North Carolina Mom Sentenced to Up to 10 Years for Abandoning Young Daughters in Hot Car While Gambling

North Carolina Mom Sentenced to Up to 10 Years for Abandoning Young Daughters in Hot Car While Gambling

A North Carolina mother will serve several years in prison after abandoning her young girls in a sweltering car for more than six hours while she gambled at an online casino.

According to court records reviewed by Law&Crime, Wake County Superior Court Judge Rebecca W. Holt on Thursday sentenced Launice Shanique Battle to 94 months (just under eight years) to 125 months (about 10 1/2 years) in a state correctional facility for the 2022 hot car deaths of 3-year-old Amora Milbourne and 2-year-old Trinity Milbourne.

Battle’s punishment came after she reached an agreement with prosecutors to plead guilty to one count of second-degree murder in connection with the children’s deaths.
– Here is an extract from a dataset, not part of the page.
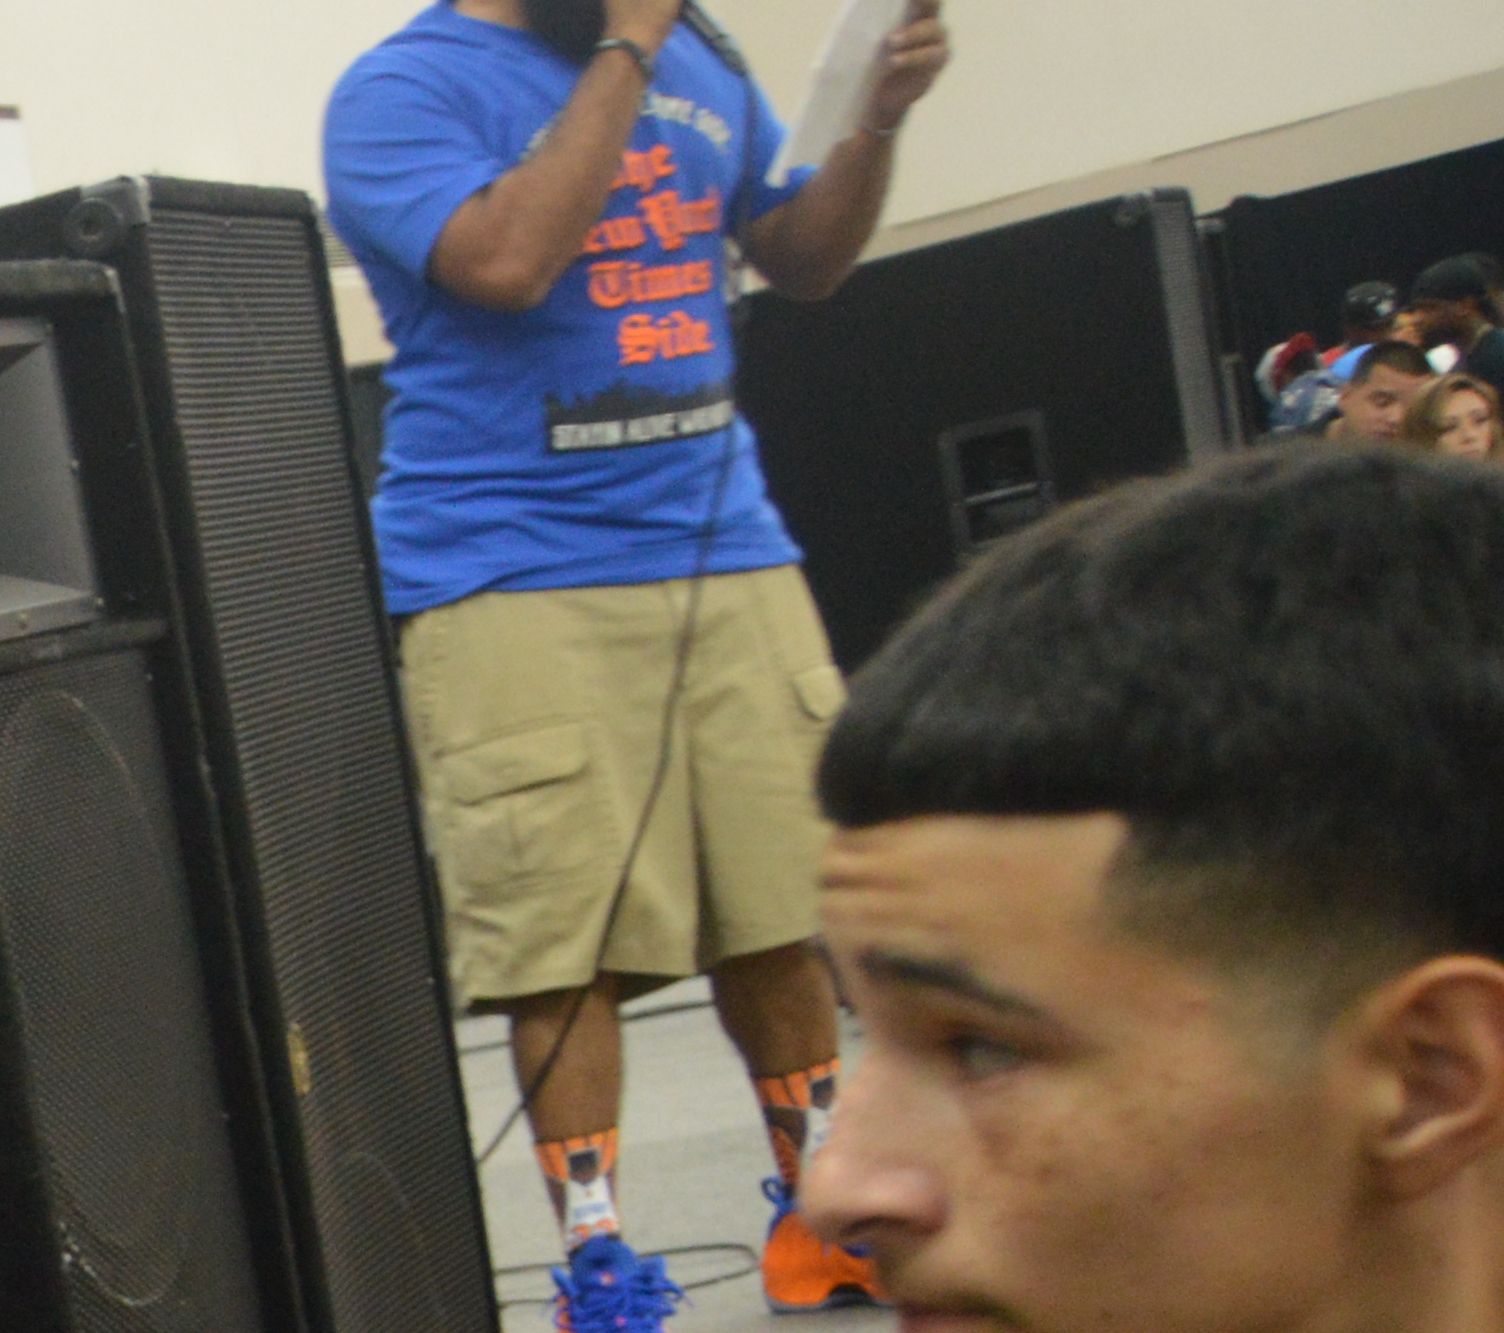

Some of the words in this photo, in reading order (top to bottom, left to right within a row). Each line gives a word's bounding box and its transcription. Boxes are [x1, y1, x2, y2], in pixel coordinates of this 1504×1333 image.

[582, 216, 646, 253] ew
[587, 259, 713, 308] Times
[618, 310, 715, 366] Side
She was first charged with two counts of felony murder and faced a potential sentence of over 80 years in prison.

According to court records, Holt credited Battle with 667 days already served.

Records reveal that when assessing Battle’s sentence, the court found no aggravating elements that may have raised her sentence, but did find Battle’s willingness to “accept responsibility” for “criminal conduct” to be a mitigating factor, stating that “a mitigated sentence is justified.”

As previously reported, at approximately 9:38 p.m. on August 27, 2022, officers from the Raleigh Police Department arrived at the Duke Raleigh Hospital in the 3400 block of Wake Forest Road in response to the mysterious deaths of two young children, later identified as Amora and Trinity. The girls were both confirmed dead that evening, and Battle was arrested the next morning.

The county medical examiner’s autopsy found that both girls died as a result of hyperthermia, which occurs when the human body absorbs or generates more heat than it can expel.

“On 8/27/2022, she [Amora] and her 2-year-old sibling [Trinity] were reportedly left in a vehicle parked behind a gambling establishment from approximately 1430 hours to 2030 hours (6 hours),” an autopsy report acquired by Goldsboro, North Carolina CBS affiliate WNCN claimed. ”

It was parked in a perhaps somewhat shaded location. The documented weather at the time was hot, with a high temperature of 95 degrees Fahrenheit and sky ranging from partially to mostly cloudy with light rain. Her mother discovered them lifeless and drove them to the Duke Raleigh Emergency Department.

The report also stated that when the girls were discovered, they had “no body temperature” and were already in the process of “mild [body] decomposition.”

Battle’s cousin, Keisha Harris, previously told Raleigh NBC station WRAL that Battle wasn’t a bad mother. She simply committed a “careless mistake.”

“She was always there,” Harris explained to the broadcaster. “She is a compassionate and loving mother to her children at the end of the day. She is not a cold-blooded murderer. “She isn’t a killer.”

According to The News & Observer, records from the Wake County Department of Health and Human Services reveal that Child Protective Services began three investigations into Battle between 2019 and 2022, the most recent occurring less than two months before the daughters died.